• Dataset:

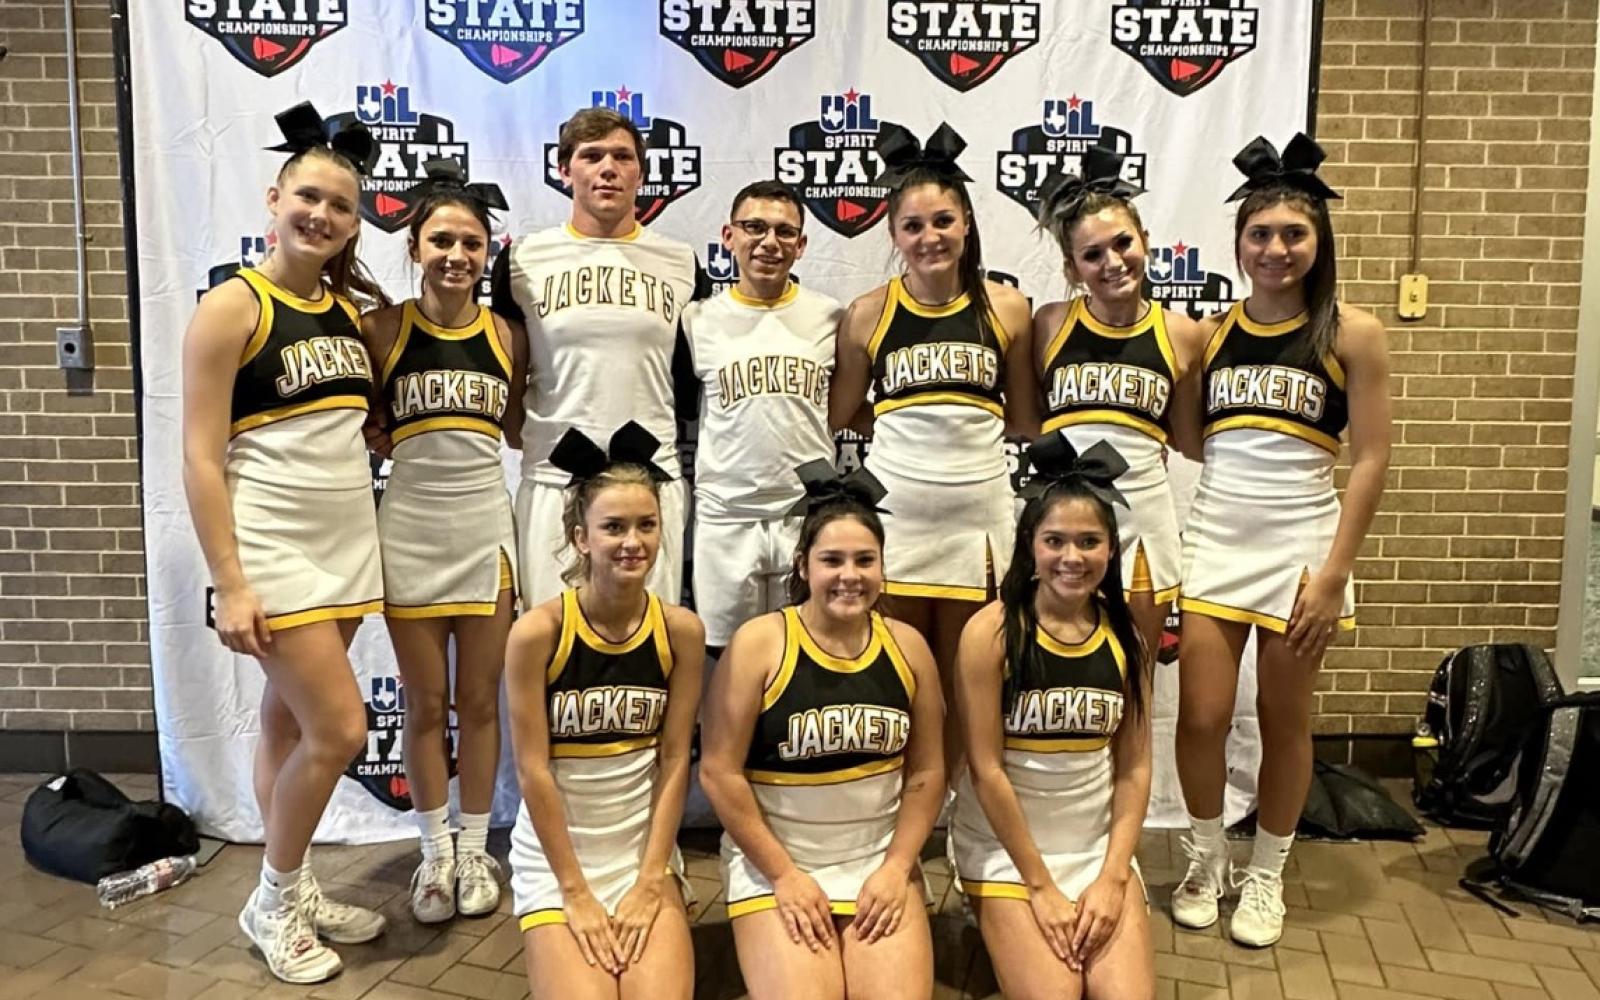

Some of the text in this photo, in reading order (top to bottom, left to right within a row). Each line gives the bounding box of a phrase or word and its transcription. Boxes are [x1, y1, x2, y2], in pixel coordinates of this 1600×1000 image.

[217, 22, 316, 35] CHAMPIONSHIPS
[429, 0, 580, 28] STATE
[663, 0, 811, 33] STATE
[891, 2, 1036, 38] STATE
[1115, 8, 1255, 43] STATE
[456, 28, 553, 42] CHAMPIONSHIPS
[690, 35, 784, 47] CHAMPIONSHIPS
[918, 39, 1009, 52] CHAMPIONSHIPS
[1140, 45, 1228, 56] CHAMPIONSHIPS
[368, 127, 416, 140] PIRIT
[824, 135, 877, 148] SPIRIT
[779, 150, 886, 184] STAT
[1000, 154, 1142, 187] STAE
[805, 186, 891, 198] CHAMPIONSHIP
[537, 265, 674, 323] JACKETS
[1152, 286, 1203, 298] SPIRIT
[276, 336, 373, 398] JACKE
[882, 341, 998, 396] JACKETS
[391, 369, 509, 422] JACKETS
[1048, 361, 1171, 420] JACKETS

• Assignment:
Return the material as it stands. Leave out the pictures.

• Task output:
Some of the text in this photo, in reading order (top to bottom, left to right within a row). Each line gives the bounding box of a phrase or word and its transcription. Boxes are [x1, y1, x2, y2], in pixel coordinates of this 1600×1000 image.

[217, 22, 316, 35] CHAMPIONSHIPS
[429, 0, 580, 28] STATE
[663, 0, 811, 33] STATE
[891, 2, 1036, 38] STATE
[1115, 8, 1255, 43] STATE
[456, 28, 553, 42] CHAMPIONSHIPS
[690, 35, 784, 47] CHAMPIONSHIPS
[918, 39, 1009, 52] CHAMPIONSHIPS
[1140, 45, 1228, 56] CHAMPIONSHIPS
[368, 127, 416, 140] PIRIT
[824, 135, 877, 148] SPIRIT
[779, 150, 886, 184] STAT
[1000, 154, 1142, 187] STAE
[805, 186, 891, 198] CHAMPIONSHIP
[537, 265, 674, 323] JACKETS
[1152, 286, 1203, 298] SPIRIT
[276, 336, 373, 398] JACKE
[882, 341, 998, 396] JACKETS
[391, 369, 509, 422] JACKETS
[1048, 361, 1171, 420] JACKETS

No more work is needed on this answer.